Top of Data extract

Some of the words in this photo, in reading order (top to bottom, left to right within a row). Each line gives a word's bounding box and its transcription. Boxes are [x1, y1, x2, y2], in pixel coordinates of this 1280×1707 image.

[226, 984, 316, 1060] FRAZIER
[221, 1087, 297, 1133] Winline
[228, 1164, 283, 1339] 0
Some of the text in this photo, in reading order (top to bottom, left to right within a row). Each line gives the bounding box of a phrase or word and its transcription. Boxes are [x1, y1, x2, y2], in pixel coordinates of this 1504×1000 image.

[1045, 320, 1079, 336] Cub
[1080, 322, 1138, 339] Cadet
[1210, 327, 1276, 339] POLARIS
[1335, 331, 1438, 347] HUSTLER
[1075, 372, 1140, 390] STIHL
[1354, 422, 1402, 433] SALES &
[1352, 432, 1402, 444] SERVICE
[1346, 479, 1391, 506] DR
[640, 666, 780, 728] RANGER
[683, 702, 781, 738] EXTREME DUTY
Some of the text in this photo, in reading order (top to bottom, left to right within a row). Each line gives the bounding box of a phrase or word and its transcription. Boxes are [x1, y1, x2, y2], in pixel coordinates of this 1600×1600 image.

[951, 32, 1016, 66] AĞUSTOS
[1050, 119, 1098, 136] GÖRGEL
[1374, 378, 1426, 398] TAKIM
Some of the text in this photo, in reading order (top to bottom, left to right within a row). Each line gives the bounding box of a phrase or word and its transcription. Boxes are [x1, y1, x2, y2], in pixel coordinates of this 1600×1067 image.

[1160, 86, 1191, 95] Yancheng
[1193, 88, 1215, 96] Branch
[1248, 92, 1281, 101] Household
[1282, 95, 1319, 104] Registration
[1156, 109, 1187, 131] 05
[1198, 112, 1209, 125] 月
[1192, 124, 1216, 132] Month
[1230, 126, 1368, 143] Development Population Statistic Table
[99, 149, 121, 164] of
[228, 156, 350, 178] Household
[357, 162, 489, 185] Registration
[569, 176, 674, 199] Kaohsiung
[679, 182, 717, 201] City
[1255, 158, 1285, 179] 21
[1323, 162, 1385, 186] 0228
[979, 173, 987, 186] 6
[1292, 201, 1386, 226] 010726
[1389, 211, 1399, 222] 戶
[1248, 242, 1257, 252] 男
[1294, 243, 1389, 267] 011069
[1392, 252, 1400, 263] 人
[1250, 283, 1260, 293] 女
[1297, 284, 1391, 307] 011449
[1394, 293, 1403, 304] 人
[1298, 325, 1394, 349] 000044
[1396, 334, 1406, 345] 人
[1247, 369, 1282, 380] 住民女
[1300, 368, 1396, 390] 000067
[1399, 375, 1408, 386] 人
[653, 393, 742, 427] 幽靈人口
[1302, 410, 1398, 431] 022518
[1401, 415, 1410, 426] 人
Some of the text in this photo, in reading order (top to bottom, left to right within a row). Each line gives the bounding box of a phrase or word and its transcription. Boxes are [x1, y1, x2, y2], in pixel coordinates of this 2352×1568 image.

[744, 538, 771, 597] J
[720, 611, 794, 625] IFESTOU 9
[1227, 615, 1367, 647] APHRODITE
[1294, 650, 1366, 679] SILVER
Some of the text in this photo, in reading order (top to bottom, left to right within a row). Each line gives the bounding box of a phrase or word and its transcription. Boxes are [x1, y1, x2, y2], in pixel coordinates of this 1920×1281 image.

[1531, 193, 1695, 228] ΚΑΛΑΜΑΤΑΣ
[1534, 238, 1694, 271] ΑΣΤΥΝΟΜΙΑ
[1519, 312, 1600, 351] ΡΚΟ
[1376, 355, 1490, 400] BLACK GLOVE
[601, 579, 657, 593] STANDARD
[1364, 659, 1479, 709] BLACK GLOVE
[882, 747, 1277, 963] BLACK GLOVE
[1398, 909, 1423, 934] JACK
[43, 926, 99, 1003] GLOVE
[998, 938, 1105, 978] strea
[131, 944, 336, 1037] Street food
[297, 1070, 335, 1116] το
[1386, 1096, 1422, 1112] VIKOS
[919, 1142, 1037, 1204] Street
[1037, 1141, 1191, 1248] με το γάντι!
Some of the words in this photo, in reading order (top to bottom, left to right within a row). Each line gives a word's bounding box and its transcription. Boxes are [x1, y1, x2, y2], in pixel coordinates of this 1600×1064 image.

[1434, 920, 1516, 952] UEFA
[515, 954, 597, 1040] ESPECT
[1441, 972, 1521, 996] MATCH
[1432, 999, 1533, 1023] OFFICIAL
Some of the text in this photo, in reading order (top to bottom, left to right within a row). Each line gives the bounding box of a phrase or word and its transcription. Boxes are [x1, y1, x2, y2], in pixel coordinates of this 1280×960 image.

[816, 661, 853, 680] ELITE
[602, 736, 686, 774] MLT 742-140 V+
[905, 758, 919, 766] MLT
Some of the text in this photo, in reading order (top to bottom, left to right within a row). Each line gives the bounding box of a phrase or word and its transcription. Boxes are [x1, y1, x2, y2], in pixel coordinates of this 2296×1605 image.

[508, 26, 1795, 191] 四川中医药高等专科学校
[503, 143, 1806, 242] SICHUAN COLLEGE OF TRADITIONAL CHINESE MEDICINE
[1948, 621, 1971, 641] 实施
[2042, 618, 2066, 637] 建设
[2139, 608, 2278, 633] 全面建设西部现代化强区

Bottom of Data extract

* _Task brief_:
Every word of every entry must be returned as it appears.

* _Exercise output_:
Some of the words in this photo, in reading order (top to bottom, left to right within a row). Each line gives a word's bounding box and its transcription. Boxes are [x1, y1, x2, y2], in pixel coordinates of this 1280×1707 image.

[226, 984, 316, 1060] FRAZIER
[221, 1087, 297, 1133] Winline
[228, 1164, 283, 1339] 0
Some of the text in this photo, in reading order (top to bottom, left to right within a row). Each line gives the bounding box of a phrase or word and its transcription. Boxes are [x1, y1, x2, y2], in pixel coordinates of this 1504×1000 image.

[1045, 320, 1079, 336] Cub
[1080, 322, 1138, 339] Cadet
[1210, 327, 1276, 339] POLARIS
[1335, 331, 1438, 347] HUSTLER
[1075, 372, 1140, 390] STIHL
[1354, 422, 1402, 433] SALES &
[1352, 432, 1402, 444] SERVICE
[1346, 479, 1391, 506] DR
[640, 666, 780, 728] RANGER
[683, 702, 781, 738] EXTREME DUTY
Some of the text in this photo, in reading order (top to bottom, left to right within a row). Each line gives the bounding box of a phrase or word and its transcription. Boxes are [x1, y1, x2, y2], in pixel coordinates of this 1600×1600 image.

[951, 32, 1016, 66] AĞUSTOS
[1050, 119, 1098, 136] GÖRGEL
[1374, 378, 1426, 398] TAKIM
Some of the text in this photo, in reading order (top to bottom, left to right within a row). Each line gives the bounding box of a phrase or word and its transcription. Boxes are [x1, y1, x2, y2], in pixel coordinates of this 1600×1067 image.

[1160, 86, 1191, 95] Yancheng
[1193, 88, 1215, 96] Branch
[1248, 92, 1281, 101] Household
[1282, 95, 1319, 104] Registration
[1156, 109, 1187, 131] 05
[1198, 112, 1209, 125] 月
[1192, 124, 1216, 132] Month
[1230, 126, 1368, 143] Development Population Statistic Table
[99, 149, 121, 164] of
[228, 156, 350, 178] Household
[357, 162, 489, 185] Registration
[569, 176, 674, 199] Kaohsiung
[679, 182, 717, 201] City
[1255, 158, 1285, 179] 21
[1323, 162, 1385, 186] 0228
[979, 173, 987, 186] 6
[1292, 201, 1386, 226] 010726
[1389, 211, 1399, 222] 戶
[1248, 242, 1257, 252] 男
[1294, 243, 1389, 267] 011069
[1392, 252, 1400, 263] 人
[1250, 283, 1260, 293] 女
[1297, 284, 1391, 307] 011449
[1394, 293, 1403, 304] 人
[1298, 325, 1394, 349] 000044
[1396, 334, 1406, 345] 人
[1247, 369, 1282, 380] 住民女
[1300, 368, 1396, 390] 000067
[1399, 375, 1408, 386] 人
[653, 393, 742, 427] 幽靈人口
[1302, 410, 1398, 431] 022518
[1401, 415, 1410, 426] 人
Some of the text in this photo, in reading order (top to bottom, left to right within a row). Each line gives the bounding box of a phrase or word and its transcription. Boxes are [x1, y1, x2, y2], in pixel coordinates of this 2352×1568 image.

[744, 538, 771, 597] J
[720, 611, 794, 625] IFESTOU 9
[1227, 615, 1367, 647] APHRODITE
[1294, 650, 1366, 679] SILVER
Some of the text in this photo, in reading order (top to bottom, left to right within a row). Each line gives the bounding box of a phrase or word and its transcription. Boxes are [x1, y1, x2, y2], in pixel coordinates of this 1920×1281 image.

[1531, 193, 1695, 228] ΚΑΛΑΜΑΤΑΣ
[1534, 238, 1694, 271] ΑΣΤΥΝΟΜΙΑ
[1519, 312, 1600, 351] ΡΚΟ
[1376, 355, 1490, 400] BLACK GLOVE
[601, 579, 657, 593] STANDARD
[1364, 659, 1479, 709] BLACK GLOVE
[882, 747, 1277, 963] BLACK GLOVE
[1398, 909, 1423, 934] JACK
[43, 926, 99, 1003] GLOVE
[998, 938, 1105, 978] strea
[131, 944, 336, 1037] Street food
[297, 1070, 335, 1116] το
[1386, 1096, 1422, 1112] VIKOS
[919, 1142, 1037, 1204] Street
[1037, 1141, 1191, 1248] με το γάντι!
Some of the words in this photo, in reading order (top to bottom, left to right within a row). Each line gives a word's bounding box and its transcription. Boxes are [x1, y1, x2, y2], in pixel coordinates of this 1600×1064 image.

[1434, 920, 1516, 952] UEFA
[515, 954, 597, 1040] ESPECT
[1441, 972, 1521, 996] MATCH
[1432, 999, 1533, 1023] OFFICIAL
Some of the text in this photo, in reading order (top to bottom, left to right within a row). Each line gives the bounding box of a phrase or word and its transcription. Boxes are [x1, y1, x2, y2], in pixel coordinates of this 1280×960 image.

[816, 661, 853, 680] ELITE
[602, 736, 686, 774] MLT 742-140 V+
[905, 758, 919, 766] MLT
Some of the text in this photo, in reading order (top to bottom, left to right within a row). Each line gives the bounding box of a phrase or word and its transcription. Boxes are [x1, y1, x2, y2], in pixel coordinates of this 2296×1605 image.

[508, 26, 1795, 191] 四川中医药高等专科学校
[503, 143, 1806, 242] SICHUAN COLLEGE OF TRADITIONAL CHINESE MEDICINE
[1948, 621, 1971, 641] 实施
[2042, 618, 2066, 637] 建设
[2139, 608, 2278, 633] 全面建设西部现代化强区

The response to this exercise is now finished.